## The data
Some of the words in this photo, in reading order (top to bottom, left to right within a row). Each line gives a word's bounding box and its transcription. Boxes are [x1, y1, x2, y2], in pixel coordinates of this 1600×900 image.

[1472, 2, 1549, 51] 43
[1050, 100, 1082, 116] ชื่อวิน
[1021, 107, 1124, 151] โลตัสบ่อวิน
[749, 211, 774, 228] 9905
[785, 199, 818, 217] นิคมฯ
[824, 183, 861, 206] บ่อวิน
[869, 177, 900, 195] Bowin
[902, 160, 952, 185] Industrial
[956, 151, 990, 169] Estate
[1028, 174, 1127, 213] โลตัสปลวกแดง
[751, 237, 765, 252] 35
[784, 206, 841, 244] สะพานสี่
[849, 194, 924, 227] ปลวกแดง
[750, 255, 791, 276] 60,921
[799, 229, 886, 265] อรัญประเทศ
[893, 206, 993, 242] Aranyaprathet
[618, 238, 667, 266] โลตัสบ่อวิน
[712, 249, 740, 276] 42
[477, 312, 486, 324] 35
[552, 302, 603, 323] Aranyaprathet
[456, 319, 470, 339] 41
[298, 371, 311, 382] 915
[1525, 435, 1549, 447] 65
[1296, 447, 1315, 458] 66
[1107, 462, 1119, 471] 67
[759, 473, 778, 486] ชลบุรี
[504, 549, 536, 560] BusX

## Exercise prompt
All of the data shown above must be copied exactly.

## Problem solution
Some of the words in this photo, in reading order (top to bottom, left to right within a row). Each line gives a word's bounding box and its transcription. Boxes are [x1, y1, x2, y2], in pixel coordinates of this 1600×900 image.

[1472, 2, 1549, 51] 43
[1050, 100, 1082, 116] ชื่อวิน
[1021, 107, 1124, 151] โลตัสบ่อวิน
[749, 211, 774, 228] 9905
[785, 199, 818, 217] นิคมฯ
[824, 183, 861, 206] บ่อวิน
[869, 177, 900, 195] Bowin
[902, 160, 952, 185] Industrial
[956, 151, 990, 169] Estate
[1028, 174, 1127, 213] โลตัสปลวกแดง
[751, 237, 765, 252] 35
[784, 206, 841, 244] สะพานสี่
[849, 194, 924, 227] ปลวกแดง
[750, 255, 791, 276] 60,921
[799, 229, 886, 265] อรัญประเทศ
[893, 206, 993, 242] Aranyaprathet
[618, 238, 667, 266] โลตัสบ่อวิน
[712, 249, 740, 276] 42
[477, 312, 486, 324] 35
[552, 302, 603, 323] Aranyaprathet
[456, 319, 470, 339] 41
[298, 371, 311, 382] 915
[1525, 435, 1549, 447] 65
[1296, 447, 1315, 458] 66
[1107, 462, 1119, 471] 67
[759, 473, 778, 486] ชลบุรี
[504, 549, 536, 560] BusX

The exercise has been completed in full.